- _Task to complete_
Could you print each entry below verbatim while omitting the pictures?

- _Saved data entries_

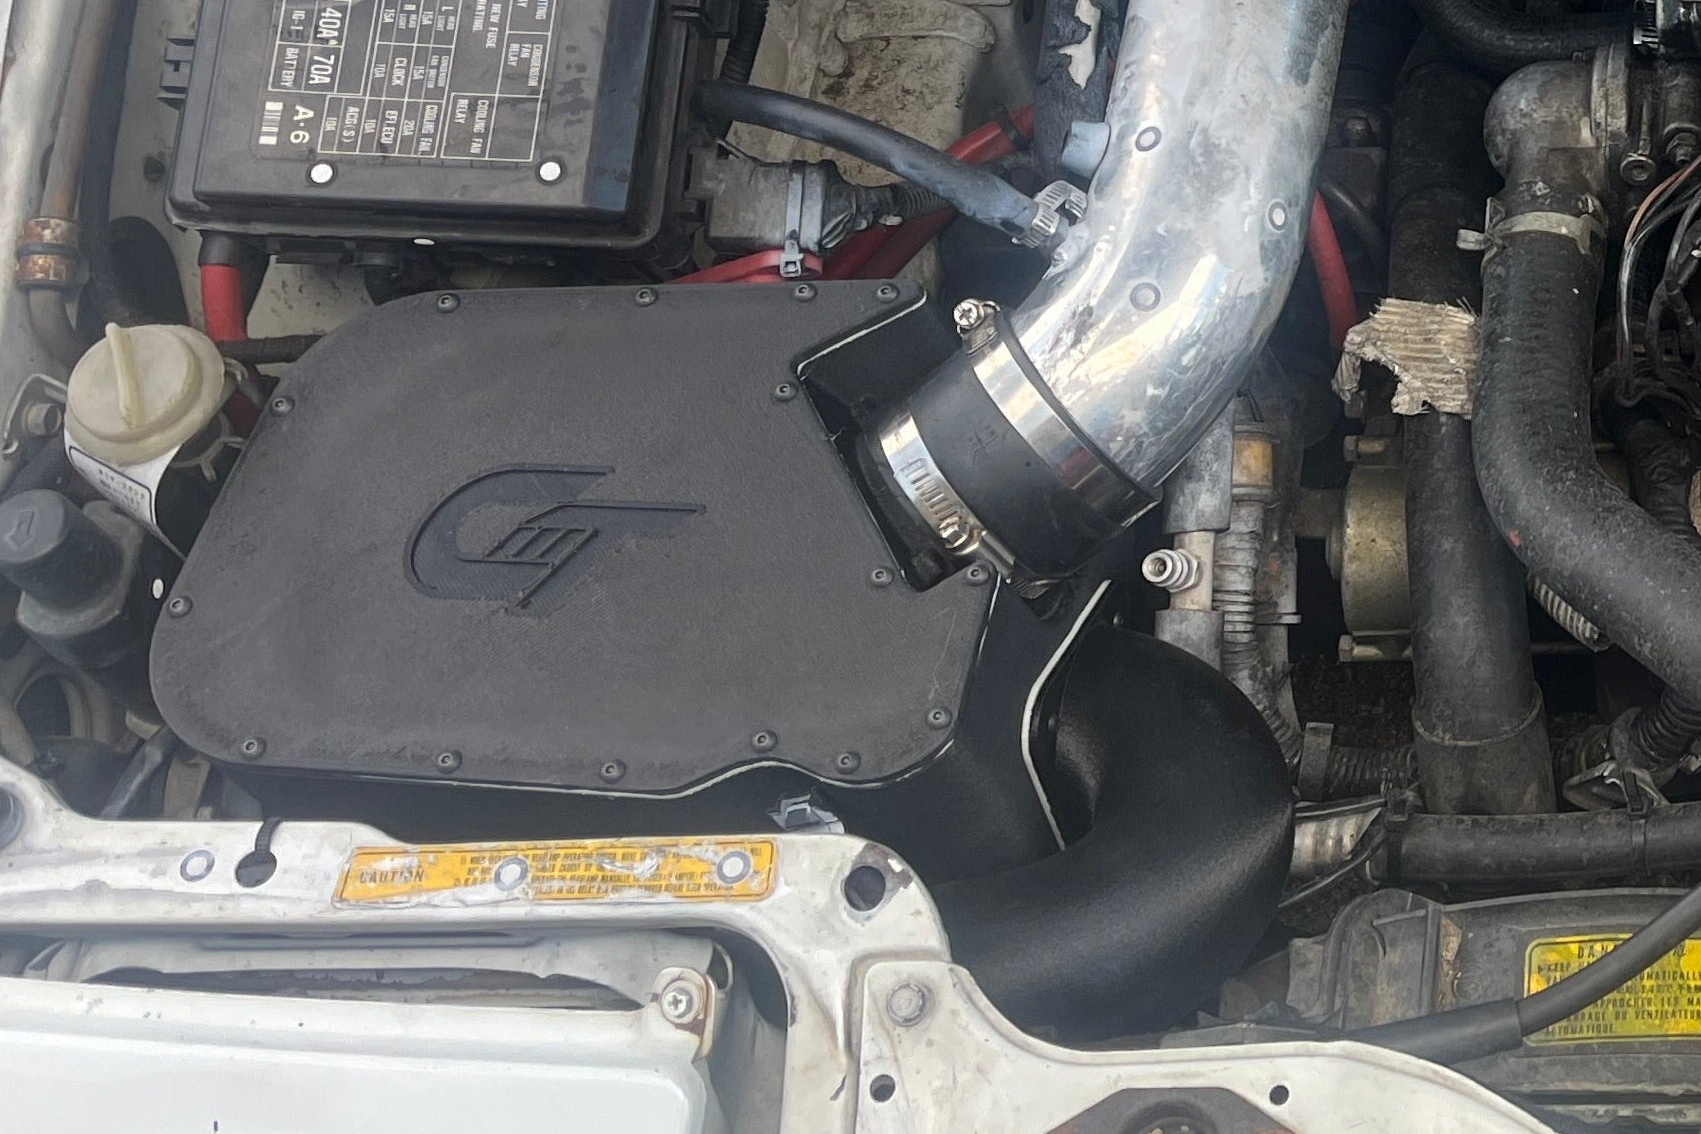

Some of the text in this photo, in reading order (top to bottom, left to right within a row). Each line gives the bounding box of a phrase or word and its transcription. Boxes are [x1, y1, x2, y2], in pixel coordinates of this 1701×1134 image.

[290, 10, 306, 30] IG-1
[316, 7, 343, 38] 40A
[382, 8, 396, 23] 15A
[421, 11, 434, 26] 15A
[489, 3, 502, 23] NEW
[485, 26, 499, 49] FUSE
[507, 43, 521, 67] RELAY
[520, 43, 532, 58] FAN
[280, 47, 300, 88] BATTERY
[308, 54, 335, 85] 70A
[373, 63, 386, 78] 10A
[391, 57, 408, 86] CLOCK
[412, 65, 425, 80] 15A
[421, 104, 439, 134] COOLING
[454, 98, 469, 124] RELAY
[324, 117, 338, 132] 10A
[363, 119, 377, 134] 10A
[401, 119, 416, 136] 20A
[469, 99, 490, 154] COOLING FAN
[360, 869, 424, 885] CAUTION
[1635, 1009, 1701, 1020] VENTILATEUR
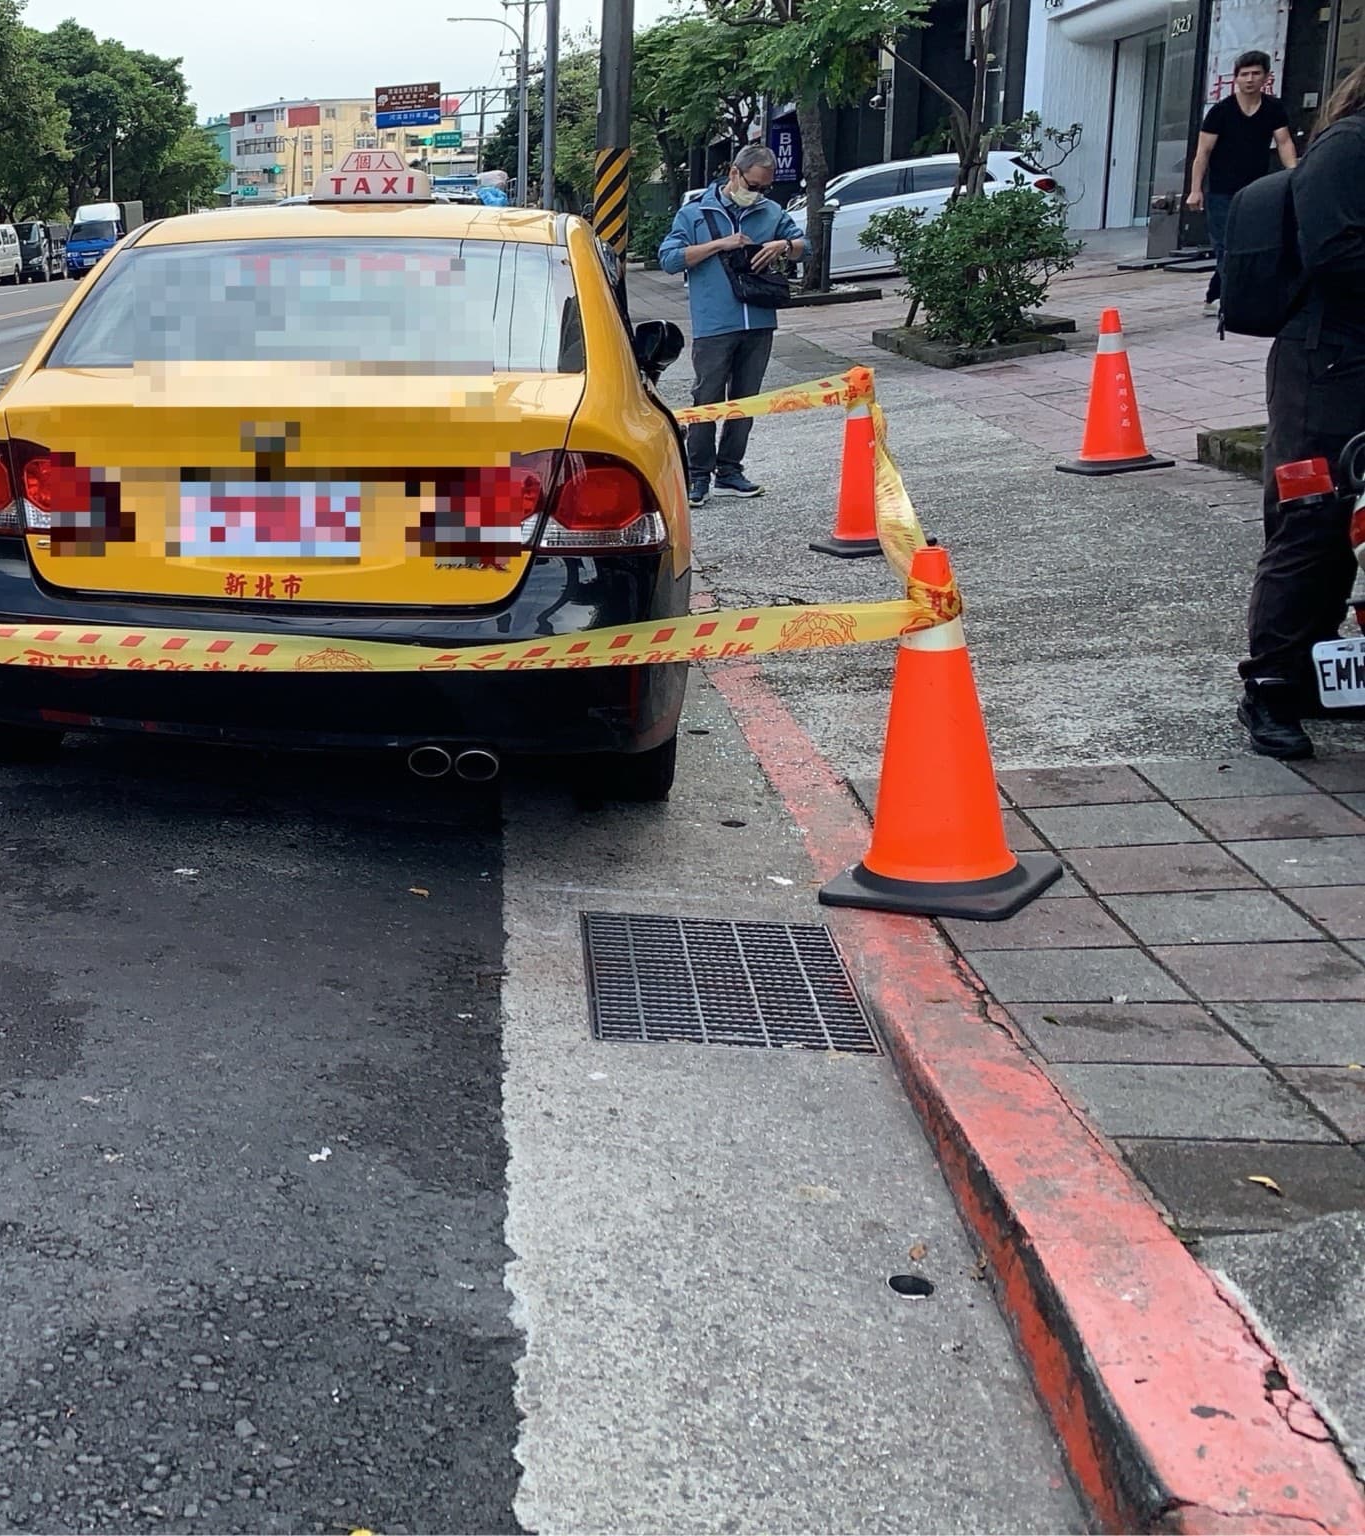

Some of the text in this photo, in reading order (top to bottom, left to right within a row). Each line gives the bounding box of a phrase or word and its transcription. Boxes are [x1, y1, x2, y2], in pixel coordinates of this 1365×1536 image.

[777, 132, 793, 168] BMW
[355, 154, 393, 170] 個人
[330, 176, 415, 195] TAXI
[224, 572, 303, 599] 新北市
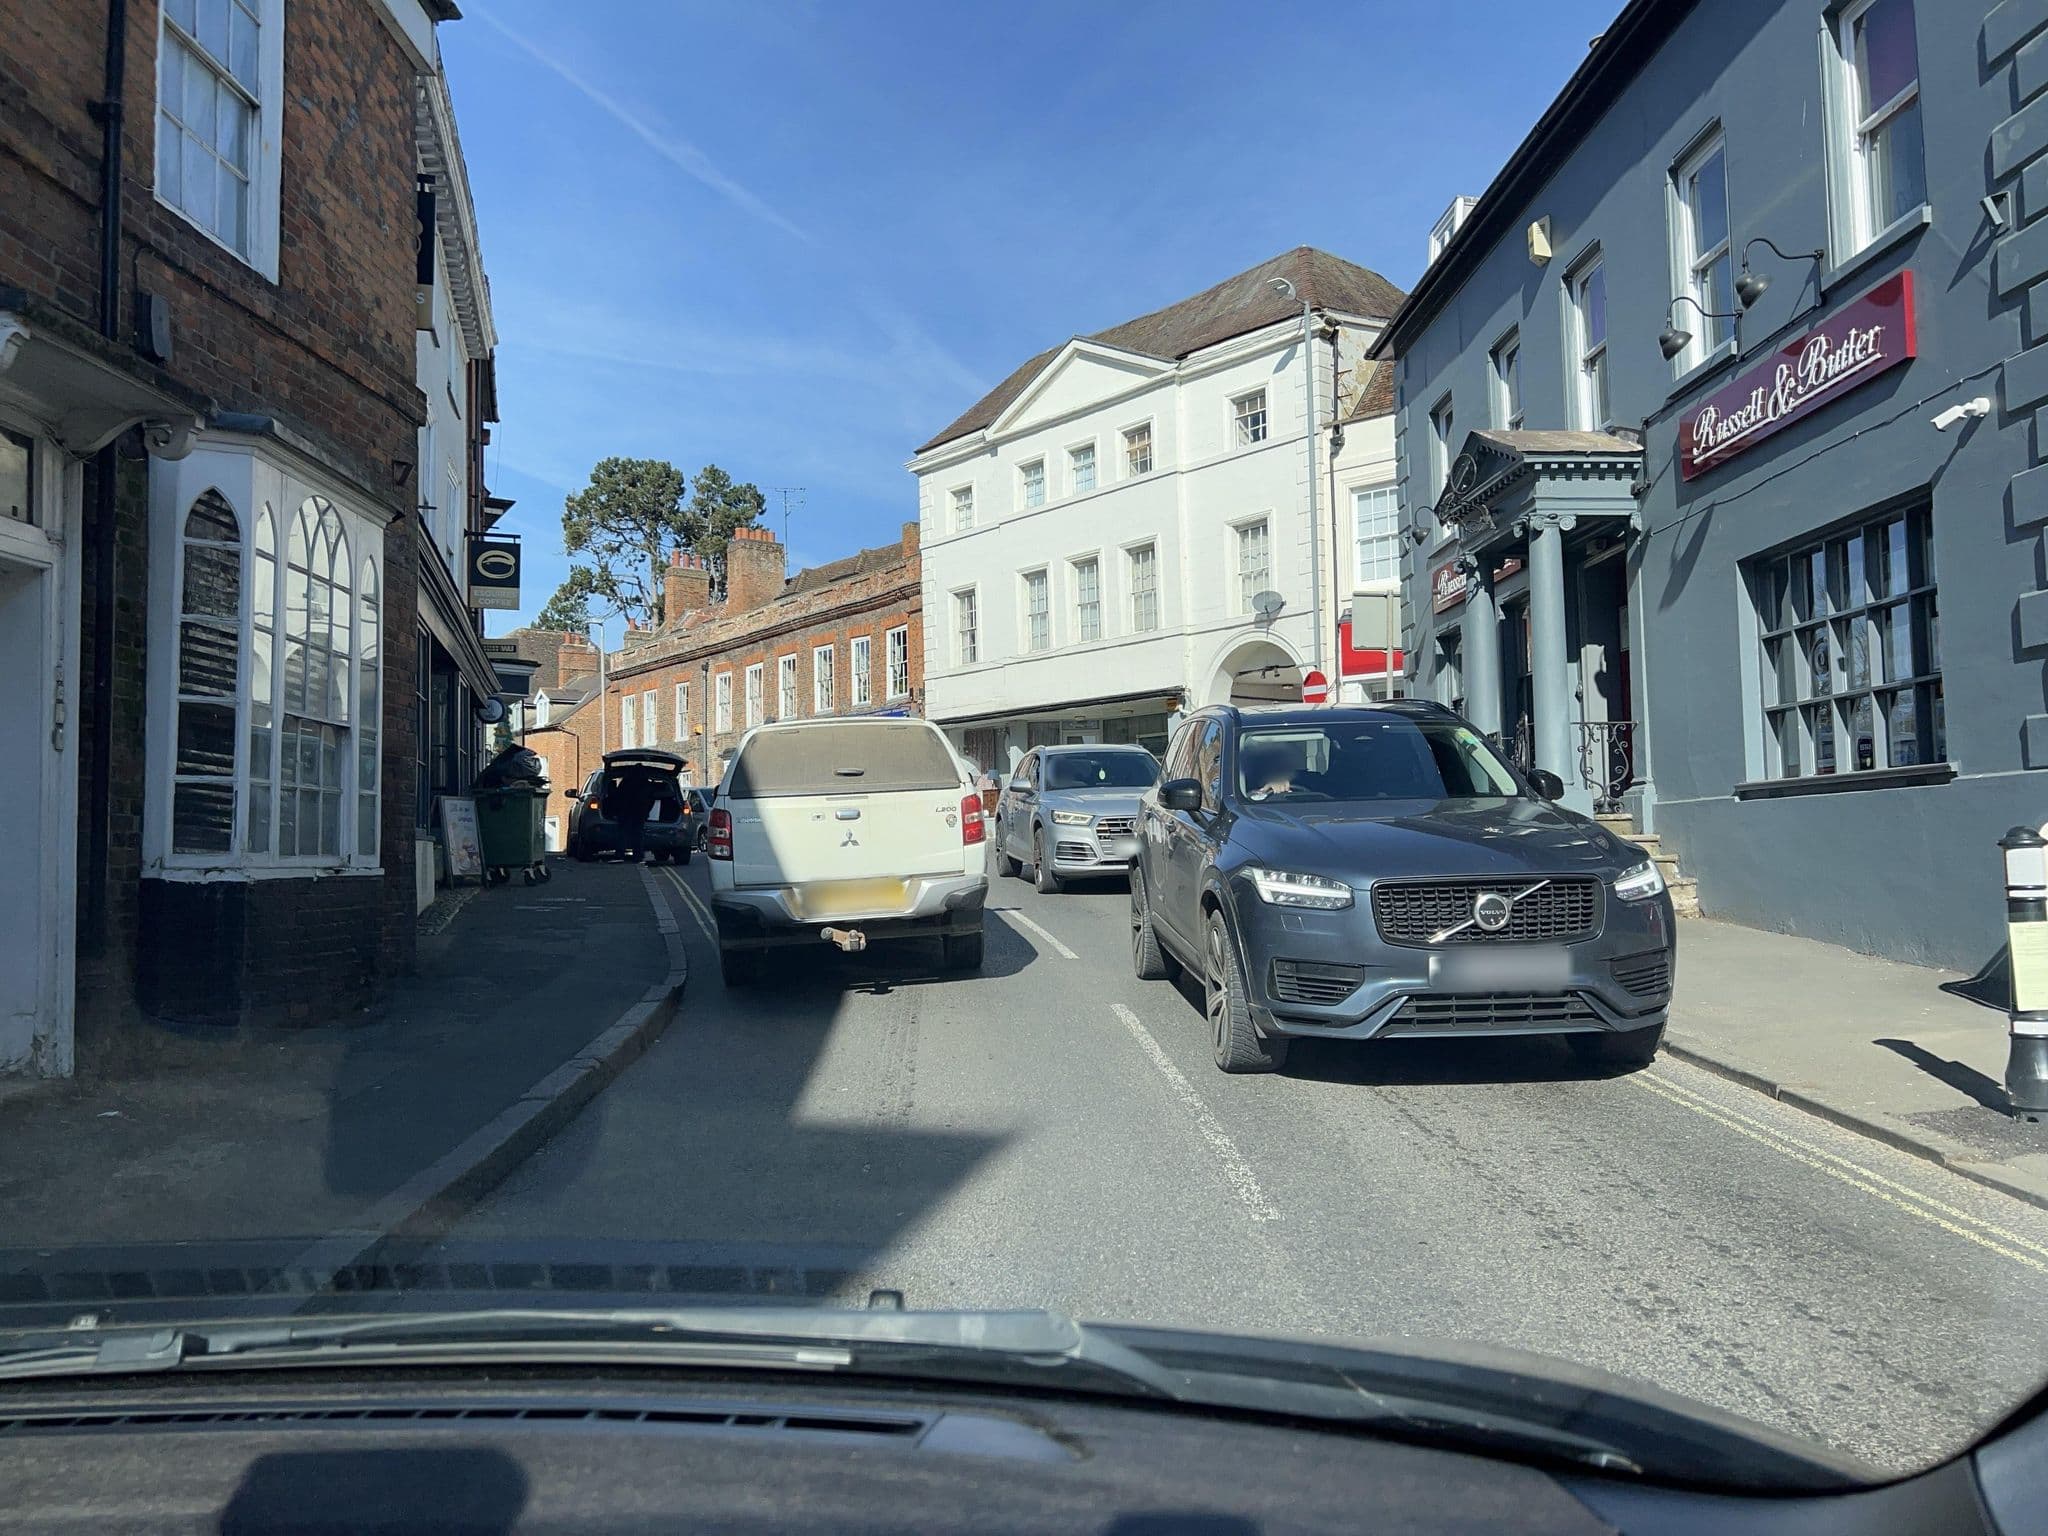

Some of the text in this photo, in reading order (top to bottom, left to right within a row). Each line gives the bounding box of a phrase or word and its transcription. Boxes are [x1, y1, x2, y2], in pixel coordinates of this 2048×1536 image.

[1693, 325, 1885, 456] Russell & Butler
[478, 598, 512, 606] COFFEE

- _Reply_
Some of the text in this photo, in reading order (top to bottom, left to right within a row). Each line gives the bounding box of a phrase or word and its transcription. Boxes are [x1, y1, x2, y2], in pixel coordinates of this 1701×1134 image.

[290, 10, 306, 30] IG-1
[316, 7, 343, 38] 40A
[382, 8, 396, 23] 15A
[421, 11, 434, 26] 15A
[489, 3, 502, 23] NEW
[485, 26, 499, 49] FUSE
[507, 43, 521, 67] RELAY
[520, 43, 532, 58] FAN
[280, 47, 300, 88] BATTERY
[308, 54, 335, 85] 70A
[373, 63, 386, 78] 10A
[391, 57, 408, 86] CLOCK
[412, 65, 425, 80] 15A
[421, 104, 439, 134] COOLING
[454, 98, 469, 124] RELAY
[324, 117, 338, 132] 10A
[363, 119, 377, 134] 10A
[401, 119, 416, 136] 20A
[469, 99, 490, 154] COOLING FAN
[360, 869, 424, 885] CAUTION
[1635, 1009, 1701, 1020] VENTILATEUR

Some of the text in this photo, in reading order (top to bottom, left to right within a row). Each line gives the bounding box of a phrase or word and its transcription. Boxes are [x1, y1, x2, y2], in pixel coordinates of this 1365×1536 image.

[777, 132, 793, 168] BMW
[355, 154, 393, 170] 個人
[330, 176, 415, 195] TAXI
[224, 572, 303, 599] 新北市

Some of the text in this photo, in reading order (top to bottom, left to right within a row). Each line gives the bounding box of a phrase or word and its transcription. Boxes are [x1, y1, x2, y2], in pixel coordinates of this 2048×1536 image.

[1693, 325, 1885, 456] Russell & Butler
[478, 598, 512, 606] COFFEE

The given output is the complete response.